無論僕は感謝などしない。僕はこの世界で生まれた訳じゃないからね。
――明らかに嘘くさいし……
「――扉は開かず、祖父を照らす光は彼を再び元の地へと誘なった――」
約一万人の聖職者がスッポリ収まる程の巨大なこの部屋には『慈母神パルポイヤ』を筆頭とする『アゼルシア十四神』の10mはある巨大な像が部屋を囲む様に設置されている。
そして中央の祭壇には更に巨大な像が聳え立っている。
人界中の神能教徒が絶対の忠誠を誓う『神』
かつてこの世界と同じ場所にあった別の世界で起きた世界規模の大戦争――『古代大戦』を集結させた『神』
この世界――『三界』を創造したとされる全知全能の『神』
神々の絶対的な王にして、この世界を文字通り〝片手間に〟どうにでも出来る宇宙を司る『神』
――その名は『最高神アゼルシア』
宇宙を表現したと思われる何十、何百、何千もの多彩な色を使ったローブをその身に纏い、左手で王冠――『五界の王の冠』をまるで何者かに被せるかの様に持ち、右手で巨大な正三角錐――『全宇宙最高の神器』を天に掲げる様に持ったその姿は、まさに〝最高神〟に相応しい。
……まぁクソくだらないけど。
「――祖父は業火の欠片と引き換えにその者を打ち払い、神は彼を認めた――」
だってそうでしょ? こいつ現実には居ないんよ?
神能教の広めた神話のうち、確実に史実だと言えるものは後世のものが大部分だ。初期、特に『古代大戦』前後のものは、〝the神話〟って感じの嘘くさいものばかり。

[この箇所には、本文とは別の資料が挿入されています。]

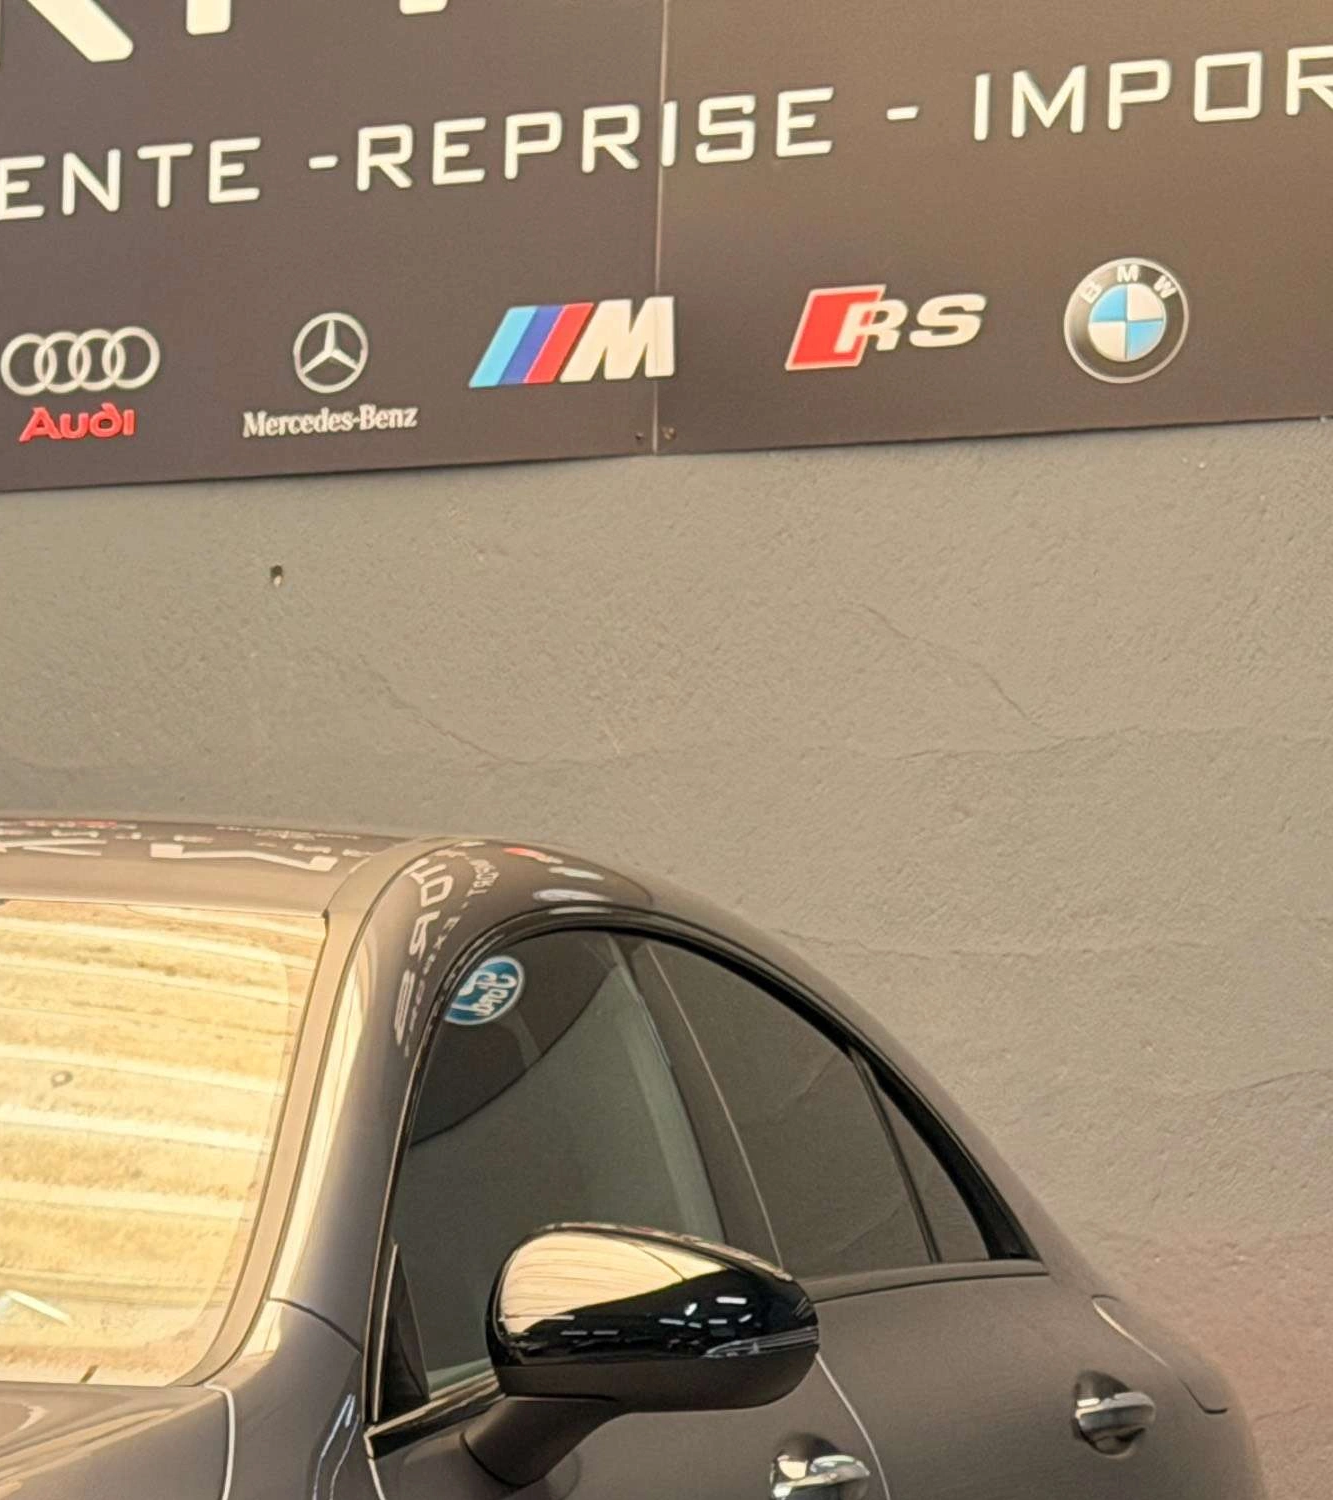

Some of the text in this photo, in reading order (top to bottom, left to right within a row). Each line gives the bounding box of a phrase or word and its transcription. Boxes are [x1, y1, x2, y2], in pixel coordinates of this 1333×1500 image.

いくら『魔法』や『スキル』が存在するからって、あそこまでの事が立て続けに起こる筈がない。
――魔族にとって都合の良い事が。
あれではまるで
『こうこうこういう訳で魔族は生き残っちゃったので、誠に残念な事だけど、神能教の下に結集して人族をあげて戦いましょう。でも仕方ないじゃん。だって魔族は未だ生き残ってるんだから』
とでも言っている様じゃないか。
要するに魔族は「神能教が武装放棄しなくていい為の口実」にされたのだ。
『神能教』の初期メンバー、特に時の上層部――『初代教皇』オーリック・オーゼフォン・ソファリムと『二代目教皇』ドリーシュ・ソファリムをはじめとする十六人の総司教達によって……

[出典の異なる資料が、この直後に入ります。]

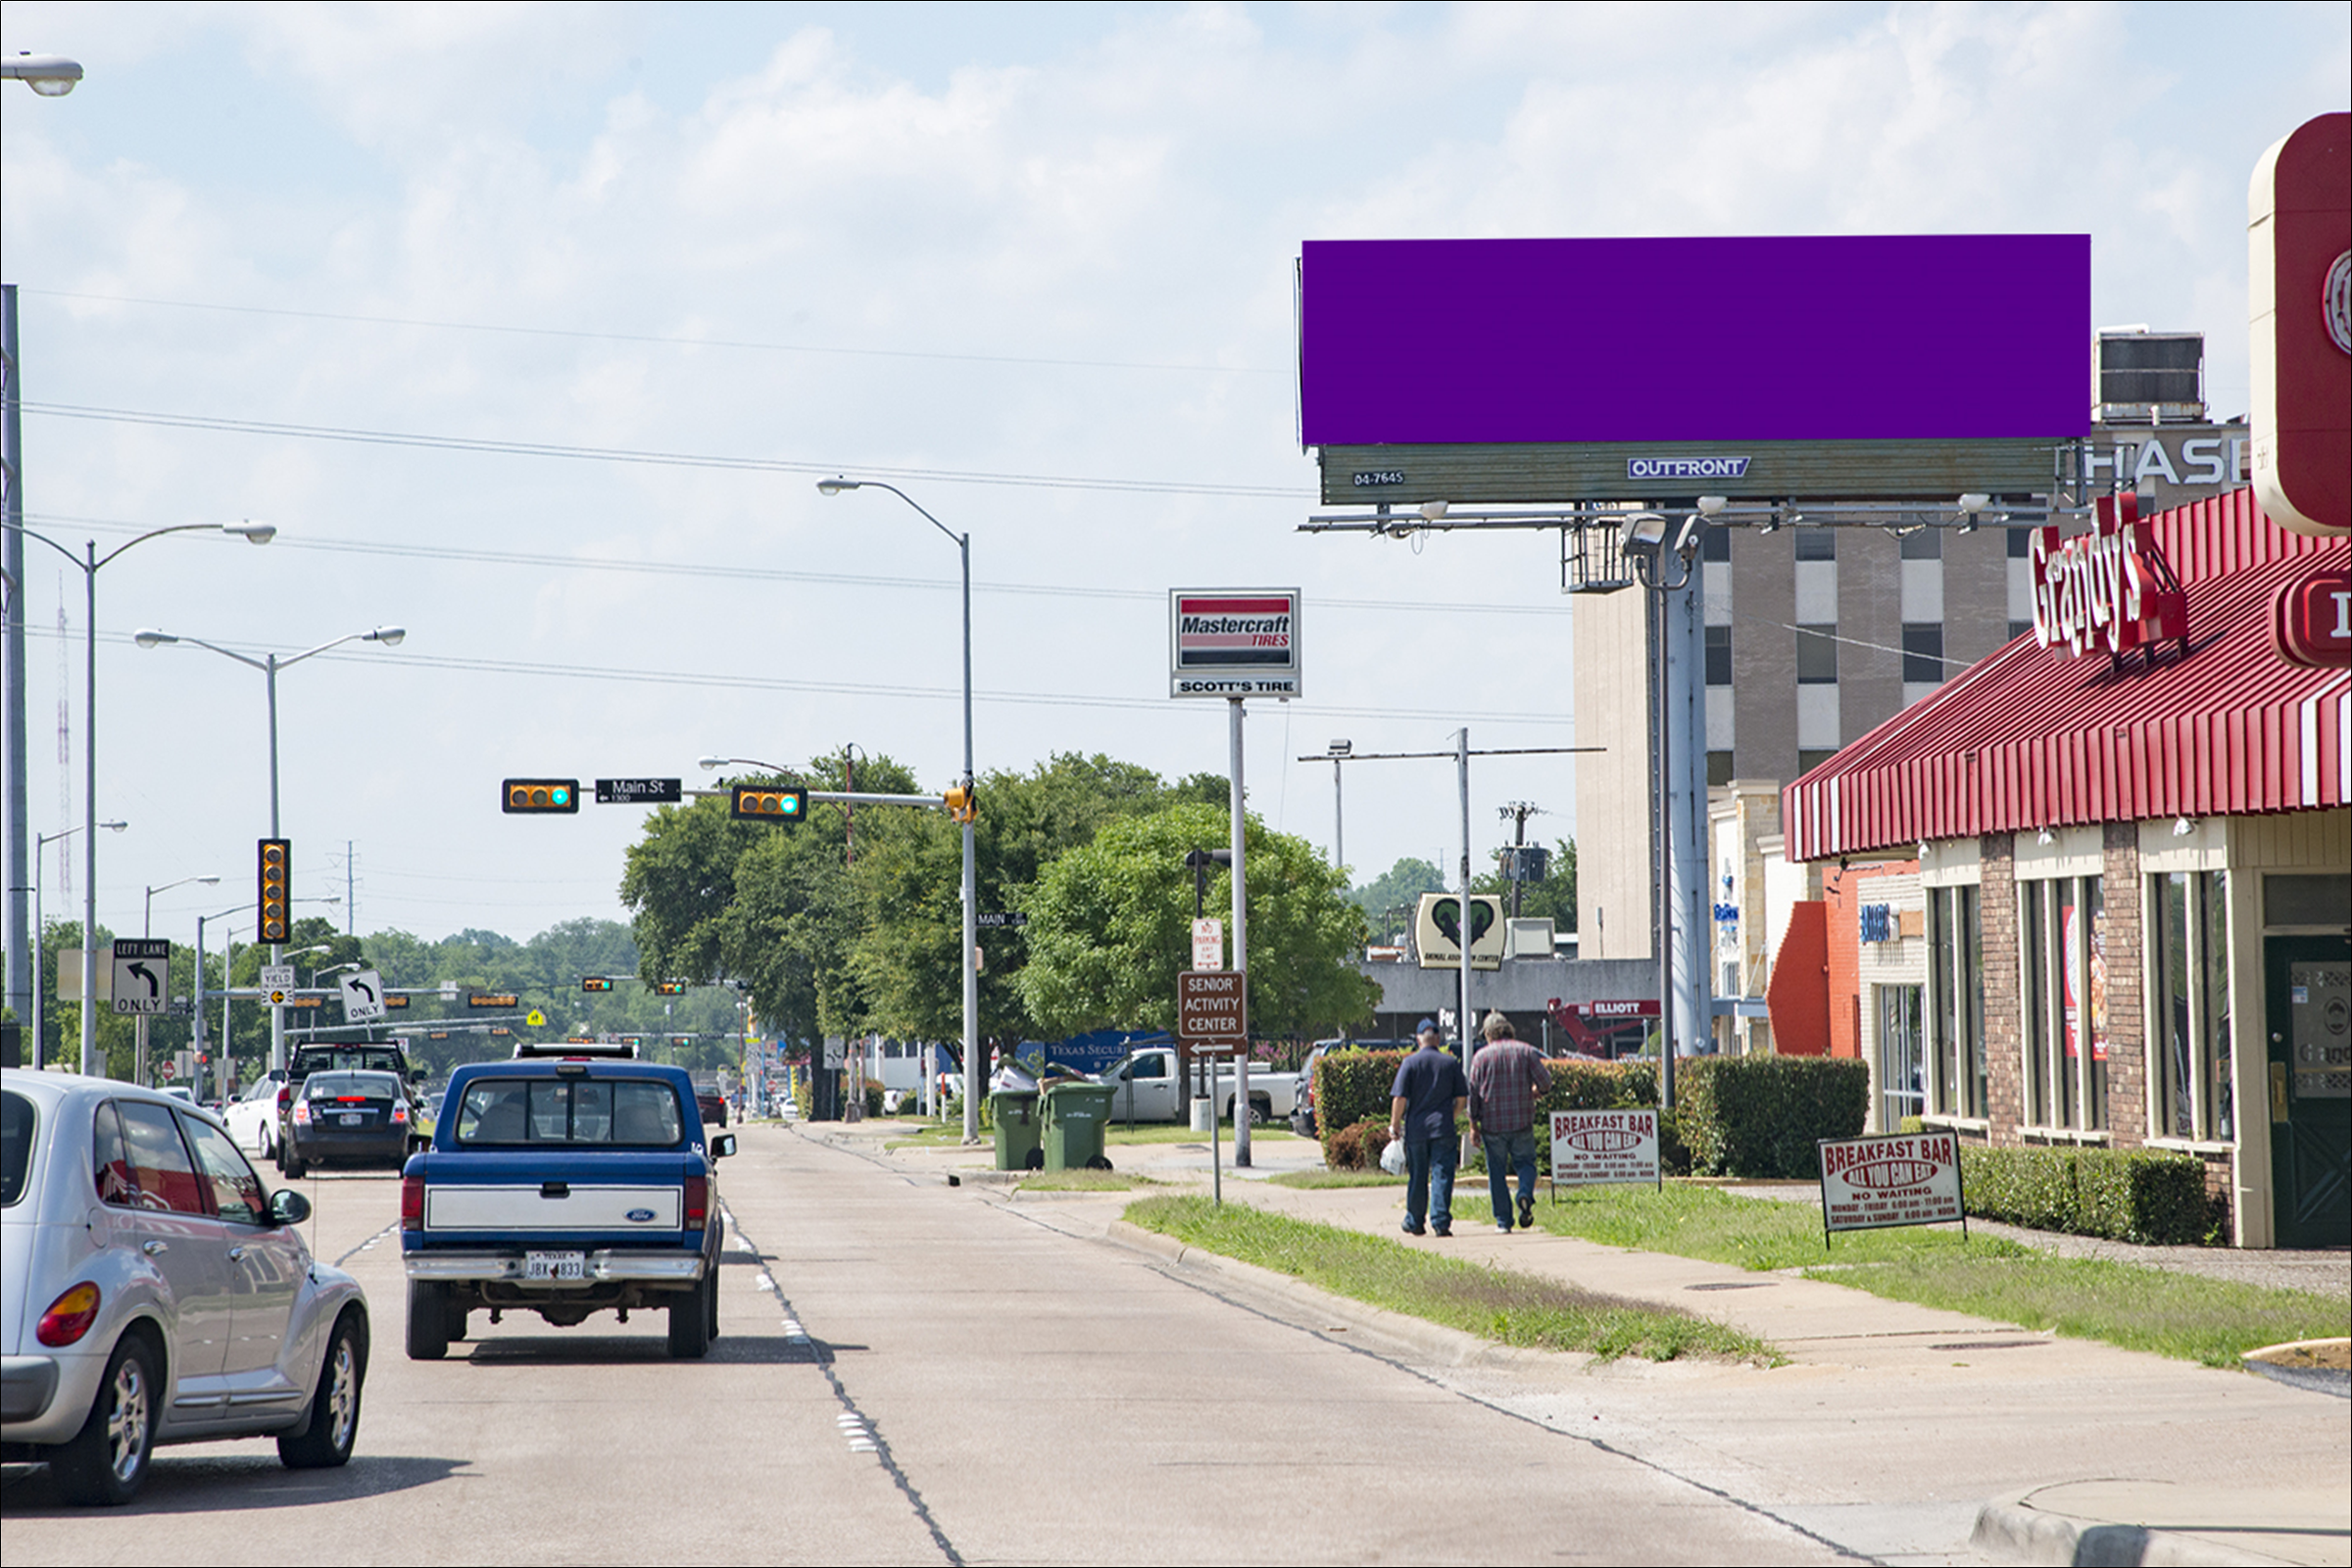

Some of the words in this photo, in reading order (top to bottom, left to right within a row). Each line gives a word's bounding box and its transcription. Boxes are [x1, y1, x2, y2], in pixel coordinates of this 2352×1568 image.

[1632, 460, 1743, 475] OUTFRONT
[2066, 438, 2251, 485] HAS
[1354, 471, 1403, 486] 04-7645
[2028, 490, 2142, 658] Grandy's
[1181, 616, 1290, 634] Mastercraft
[1251, 634, 1290, 647] TIRES
[1180, 681, 1252, 692] SCOTT'S
[1255, 681, 1294, 692] TIRE
[612, 780, 647, 793] Main
[649, 780, 665, 794] St
[978, 913, 1005, 925] MAIN
[1200, 924, 1213, 934] NO
[1195, 935, 1220, 945] PARKING
[118, 943, 138, 956] LEFT
[143, 943, 167, 956] LANE
[265, 974, 291, 983] YIELD
[1188, 977, 1234, 992] SENIOR
[119, 999, 161, 1011] ONLY
[350, 1004, 379, 1018] ONLY
[1184, 998, 1240, 1011] ACTIVITY
[1594, 1004, 1640, 1013] ELLIOTT
[1188, 1017, 1237, 1031] CENTER
[1051, 1045, 1086, 1055] TEXAS
[1087, 1044, 1141, 1055] SECURI
[1554, 1115, 1624, 1142] BREAKFAST
[1628, 1115, 1653, 1139] BAR
[1571, 1133, 1586, 1149] ALL
[1586, 1133, 1602, 1151] YOU
[1604, 1132, 1621, 1151] CAN
[1623, 1134, 1636, 1148] EAT
[1593, 1152, 1637, 1160] WAITING
[1825, 1140, 1914, 1176] BREAKFAST
[1921, 1137, 1953, 1167] BAR
[1847, 1167, 1867, 1185] ALL
[1867, 1163, 1889, 1187] YOU
[1890, 1162, 1913, 1186] CAN
[1914, 1162, 1932, 1181] EAT
[1852, 1192, 1871, 1200] NO
[1877, 1186, 1933, 1200] WAITING
[1831, 1203, 1859, 1212] MONDAY
[1864, 1201, 1887, 1211] FRIDAY
[1925, 1197, 1941, 1206] 11:00
[1831, 1215, 1866, 1224] SATURDAY
[1873, 1212, 1899, 1222] SUNDAY
[1937, 1206, 1956, 1216] NOON

「――神は霊槍の欠片を失った祖父を赦し、約束の地への道を創った――」
にしてもこの創世記めっちゃ〝神話〟って感じだなぁ。こんな話本気で信じてる奴いんのかよ……まぁいるんですけど……主に僕の周辺に……
もう何度目だよってくらいに聞いてるだろうになんか心に沁みていらっしゃる感じがするのは気の所為ですかね? ライオネルさん?
「その愛に我らが信仰を!」
「「「「「「「信仰を!!!!!!!」」」」」」」
「我らが信仰にその愛を!」
「「「「「「「愛を!!!!!!!」」」」」」
ようやく昼の礼拝が終了した。最後のハモりパート(僕が命名)のところとかめっちゃうるさかった(主に僕の前のライ◯ネルさんとか)けど、まぁ取り敢えずこれで昼の礼拝はおしまいだ。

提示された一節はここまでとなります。